● **Referring expression grounding data**:
======
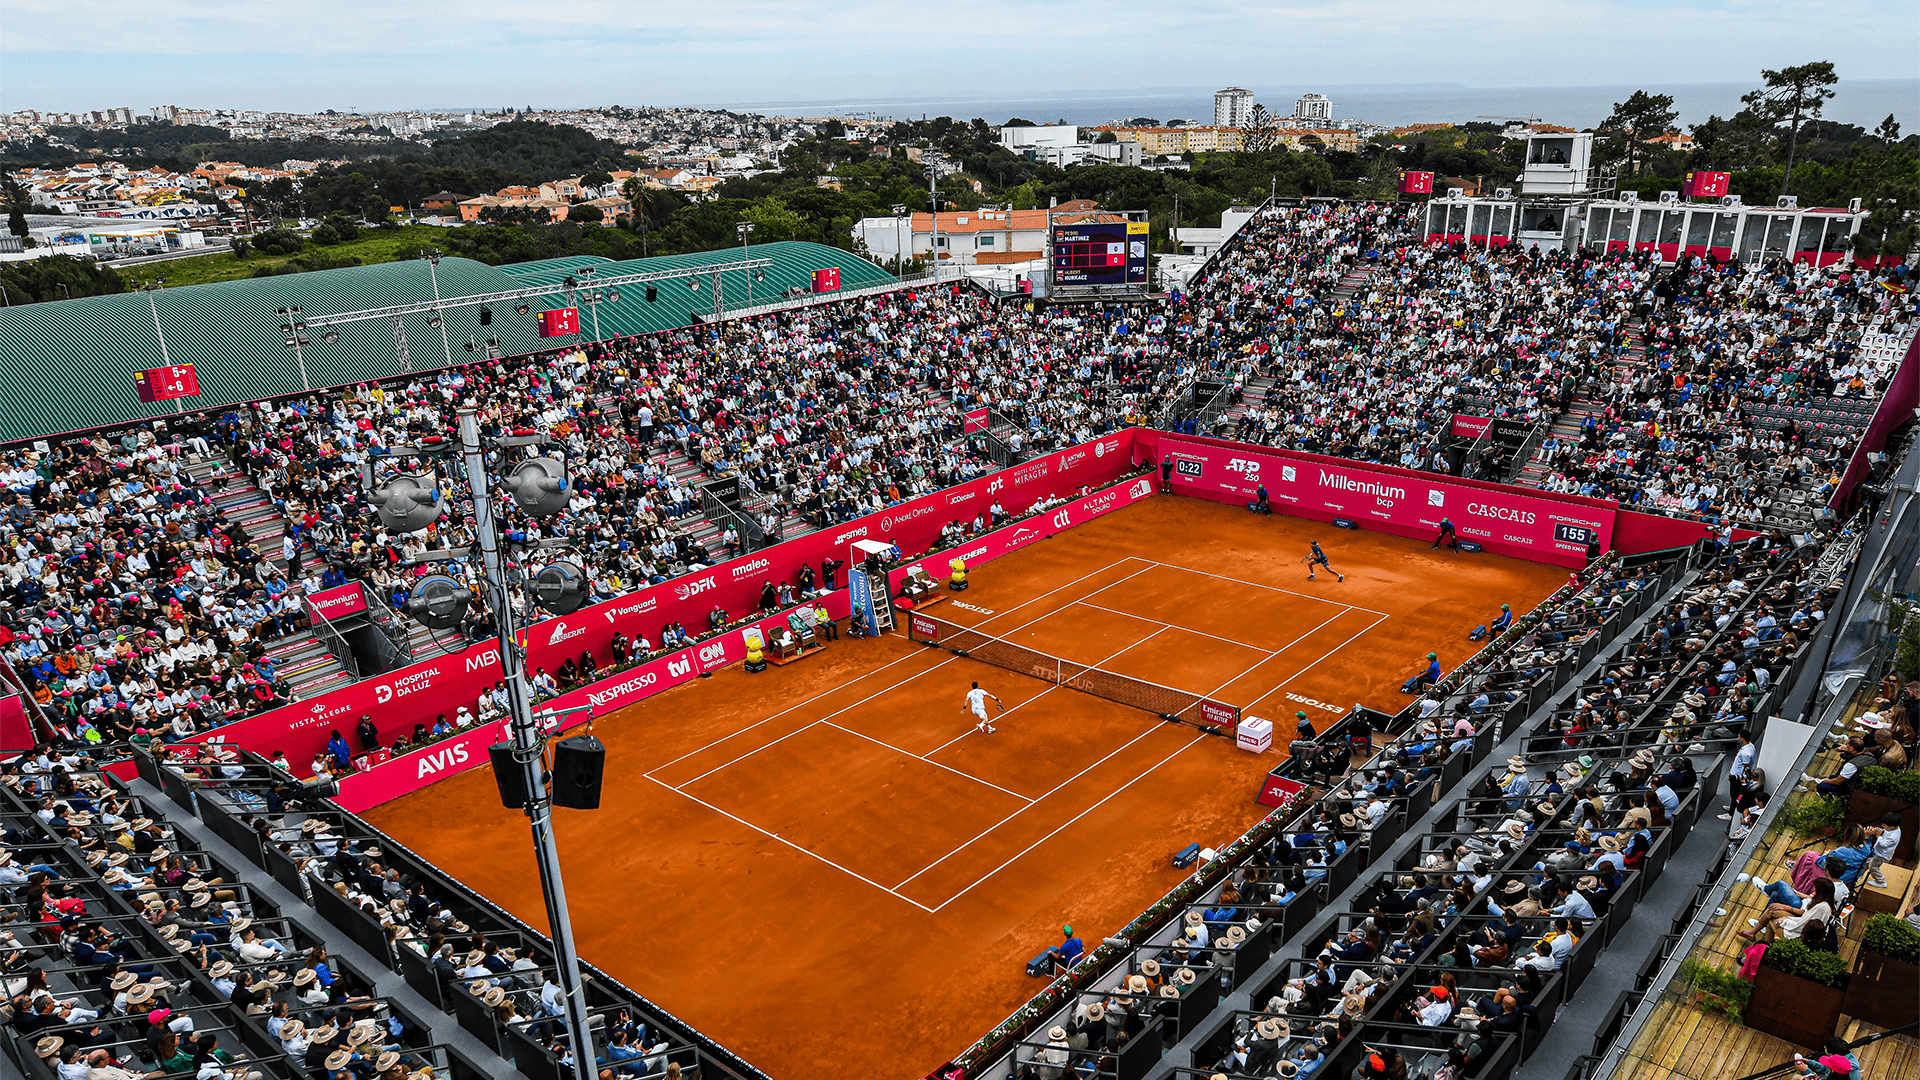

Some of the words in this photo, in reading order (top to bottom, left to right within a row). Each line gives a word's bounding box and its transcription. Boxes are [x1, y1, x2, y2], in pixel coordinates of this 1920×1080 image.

[1713, 173, 1718, 182] 1
[1710, 183, 1717, 193] 2
[1061, 258, 1066, 266] 4
[1113, 256, 1118, 264] 0
[563, 309, 568, 319] 4
[563, 320, 569, 330] 5
[171, 366, 180, 378] 5
[175, 380, 184, 392] 6
[1497, 427, 1530, 438] CASCAIS
[1171, 451, 1208, 462] PORSCHE
[1013, 467, 1028, 478] HOTEL
[1028, 461, 1047, 473] CASCAIS
[1178, 461, 1201, 475] 0:22
[1224, 457, 1260, 475] ATP
[1014, 468, 1048, 486] MIRAGEM
[1244, 473, 1260, 483] 250
[1318, 468, 1405, 500] Millennium
[987, 476, 1004, 496] .pt
[950, 492, 975, 505] JCDecaux
[1083, 491, 1116, 511] ALTANO
[1376, 496, 1394, 509] bcp
[893, 512, 912, 525] ANDRÉ
[912, 505, 934, 518] OPTICAS
[1092, 503, 1111, 515] DOURO
[1467, 502, 1536, 525] CASCAIS
[1053, 508, 1071, 529] ctt
[1549, 514, 1602, 528] PORSCHE
[845, 526, 868, 541] smeg
[1005, 530, 1040, 548] AZIMUT
[1462, 526, 1492, 538] CASCAIS
[1503, 534, 1533, 545] CASCAIS
[1561, 527, 1586, 541] 155
[1555, 542, 1571, 551] SPEED
[948, 545, 988, 567] SKECHERS
[689, 575, 717, 596] DFK
[311, 592, 359, 610] Millennium
[617, 597, 657, 616] Vanguard
[951, 599, 994, 616] ESTORIL
[699, 641, 725, 662] CNN
[667, 654, 692, 678] tvi
[703, 657, 727, 669] PORTUGAL
[394, 667, 441, 689] HOSPITAL
[1029, 664, 1058, 680] ATP
[1059, 672, 1095, 693] TOUR
[397, 686, 412, 698] DA
[413, 679, 432, 695] LUZ
[585, 672, 657, 706] NESPRESSO
[1285, 691, 1345, 714] ESTORIL
[289, 717, 316, 730] VISTA
[318, 704, 352, 721] ALEGRE
[1202, 704, 1233, 719] Emirates
[1213, 714, 1228, 724] BETTER
[1240, 736, 1257, 745] Betclic
[379, 753, 386, 761] 2
[418, 742, 470, 780] AVIS
======
● **What the exercise asks**: Your copy must reproduce the entries above in full, without their pictures.

● **Written solution**:
Some of the words in this photo, in reading order (top to bottom, left to right within a row). Each line gives a word's bounding box and its transcription. Boxes are [x1, y1, x2, y2], in pixel coordinates of this 1920×1080 image.

[1713, 173, 1718, 182] 1
[1710, 183, 1717, 193] 2
[1061, 258, 1066, 266] 4
[1113, 256, 1118, 264] 0
[563, 309, 568, 319] 4
[563, 320, 569, 330] 5
[171, 366, 180, 378] 5
[175, 380, 184, 392] 6
[1497, 427, 1530, 438] CASCAIS
[1171, 451, 1208, 462] PORSCHE
[1013, 467, 1028, 478] HOTEL
[1028, 461, 1047, 473] CASCAIS
[1178, 461, 1201, 475] 0:22
[1224, 457, 1260, 475] ATP
[1014, 468, 1048, 486] MIRAGEM
[1244, 473, 1260, 483] 250
[1318, 468, 1405, 500] Millennium
[987, 476, 1004, 496] .pt
[950, 492, 975, 505] JCDecaux
[1083, 491, 1116, 511] ALTANO
[1376, 496, 1394, 509] bcp
[893, 512, 912, 525] ANDRÉ
[912, 505, 934, 518] OPTICAS
[1092, 503, 1111, 515] DOURO
[1467, 502, 1536, 525] CASCAIS
[1053, 508, 1071, 529] ctt
[1549, 514, 1602, 528] PORSCHE
[845, 526, 868, 541] smeg
[1005, 530, 1040, 548] AZIMUT
[1462, 526, 1492, 538] CASCAIS
[1503, 534, 1533, 545] CASCAIS
[1561, 527, 1586, 541] 155
[1555, 542, 1571, 551] SPEED
[948, 545, 988, 567] SKECHERS
[689, 575, 717, 596] DFK
[311, 592, 359, 610] Millennium
[617, 597, 657, 616] Vanguard
[951, 599, 994, 616] ESTORIL
[699, 641, 725, 662] CNN
[667, 654, 692, 678] tvi
[703, 657, 727, 669] PORTUGAL
[394, 667, 441, 689] HOSPITAL
[1029, 664, 1058, 680] ATP
[1059, 672, 1095, 693] TOUR
[397, 686, 412, 698] DA
[413, 679, 432, 695] LUZ
[585, 672, 657, 706] NESPRESSO
[1285, 691, 1345, 714] ESTORIL
[289, 717, 316, 730] VISTA
[318, 704, 352, 721] ALEGRE
[1202, 704, 1233, 719] Emirates
[1213, 714, 1228, 724] BETTER
[1240, 736, 1257, 745] Betclic
[379, 753, 386, 761] 2
[418, 742, 470, 780] AVIS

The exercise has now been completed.